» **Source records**
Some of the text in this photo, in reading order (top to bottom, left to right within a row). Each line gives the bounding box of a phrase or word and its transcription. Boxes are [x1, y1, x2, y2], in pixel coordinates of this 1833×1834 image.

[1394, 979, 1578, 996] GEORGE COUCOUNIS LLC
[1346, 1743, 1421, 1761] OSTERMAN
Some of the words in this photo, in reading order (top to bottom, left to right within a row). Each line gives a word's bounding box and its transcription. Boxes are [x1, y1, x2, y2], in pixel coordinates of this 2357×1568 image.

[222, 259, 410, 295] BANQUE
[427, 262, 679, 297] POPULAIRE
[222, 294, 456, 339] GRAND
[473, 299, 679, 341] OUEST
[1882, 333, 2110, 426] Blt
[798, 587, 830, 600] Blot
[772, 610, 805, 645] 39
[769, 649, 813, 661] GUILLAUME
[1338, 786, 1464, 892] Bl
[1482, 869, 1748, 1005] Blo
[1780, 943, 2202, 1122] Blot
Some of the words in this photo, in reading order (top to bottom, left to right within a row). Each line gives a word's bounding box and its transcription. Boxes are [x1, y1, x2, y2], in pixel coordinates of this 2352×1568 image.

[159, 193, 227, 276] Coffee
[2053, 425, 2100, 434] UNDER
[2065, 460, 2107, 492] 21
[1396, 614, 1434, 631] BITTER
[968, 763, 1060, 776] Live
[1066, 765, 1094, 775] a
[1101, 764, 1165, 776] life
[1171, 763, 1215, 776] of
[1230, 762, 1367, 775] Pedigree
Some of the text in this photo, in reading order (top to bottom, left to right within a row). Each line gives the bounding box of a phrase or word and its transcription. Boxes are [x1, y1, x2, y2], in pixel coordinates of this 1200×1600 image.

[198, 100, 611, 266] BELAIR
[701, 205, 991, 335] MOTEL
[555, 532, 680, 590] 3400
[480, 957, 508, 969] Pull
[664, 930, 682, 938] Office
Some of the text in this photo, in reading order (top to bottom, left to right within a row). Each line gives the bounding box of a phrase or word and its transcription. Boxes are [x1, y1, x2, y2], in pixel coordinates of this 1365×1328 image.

» **EXERCISE OBJECTIVE**
Your reply must be the entries above, returned word for word.

» **ANSWER AREA**
Some of the text in this photo, in reading order (top to bottom, left to right within a row). Each line gives the bounding box of a phrase or word and its transcription. Boxes are [x1, y1, x2, y2], in pixel coordinates of this 1833×1834 image.

[1394, 979, 1578, 996] GEORGE COUCOUNIS LLC
[1346, 1743, 1421, 1761] OSTERMAN
Some of the words in this photo, in reading order (top to bottom, left to right within a row). Each line gives a word's bounding box and its transcription. Boxes are [x1, y1, x2, y2], in pixel coordinates of this 2357×1568 image.

[222, 259, 410, 295] BANQUE
[427, 262, 679, 297] POPULAIRE
[222, 294, 456, 339] GRAND
[473, 299, 679, 341] OUEST
[1882, 333, 2110, 426] Blt
[798, 587, 830, 600] Blot
[772, 610, 805, 645] 39
[769, 649, 813, 661] GUILLAUME
[1338, 786, 1464, 892] Bl
[1482, 869, 1748, 1005] Blo
[1780, 943, 2202, 1122] Blot
Some of the words in this photo, in reading order (top to bottom, left to right within a row). Each line gives a word's bounding box and its transcription. Boxes are [x1, y1, x2, y2], in pixel coordinates of this 2352×1568 image.

[159, 193, 227, 276] Coffee
[2053, 425, 2100, 434] UNDER
[2065, 460, 2107, 492] 21
[1396, 614, 1434, 631] BITTER
[968, 763, 1060, 776] Live
[1066, 765, 1094, 775] a
[1101, 764, 1165, 776] life
[1171, 763, 1215, 776] of
[1230, 762, 1367, 775] Pedigree
Some of the text in this photo, in reading order (top to bottom, left to right within a row). Each line gives the bounding box of a phrase or word and its transcription. Boxes are [x1, y1, x2, y2], in pixel coordinates of this 1200×1600 image.

[198, 100, 611, 266] BELAIR
[701, 205, 991, 335] MOTEL
[555, 532, 680, 590] 3400
[480, 957, 508, 969] Pull
[664, 930, 682, 938] Office
Some of the text in this photo, in reading order (top to bottom, left to right within a row). Each line gives the bounding box of a phrase or word and its transcription. Boxes are [x1, y1, x2, y2], in pixel coordinates of this 1365×1328 image.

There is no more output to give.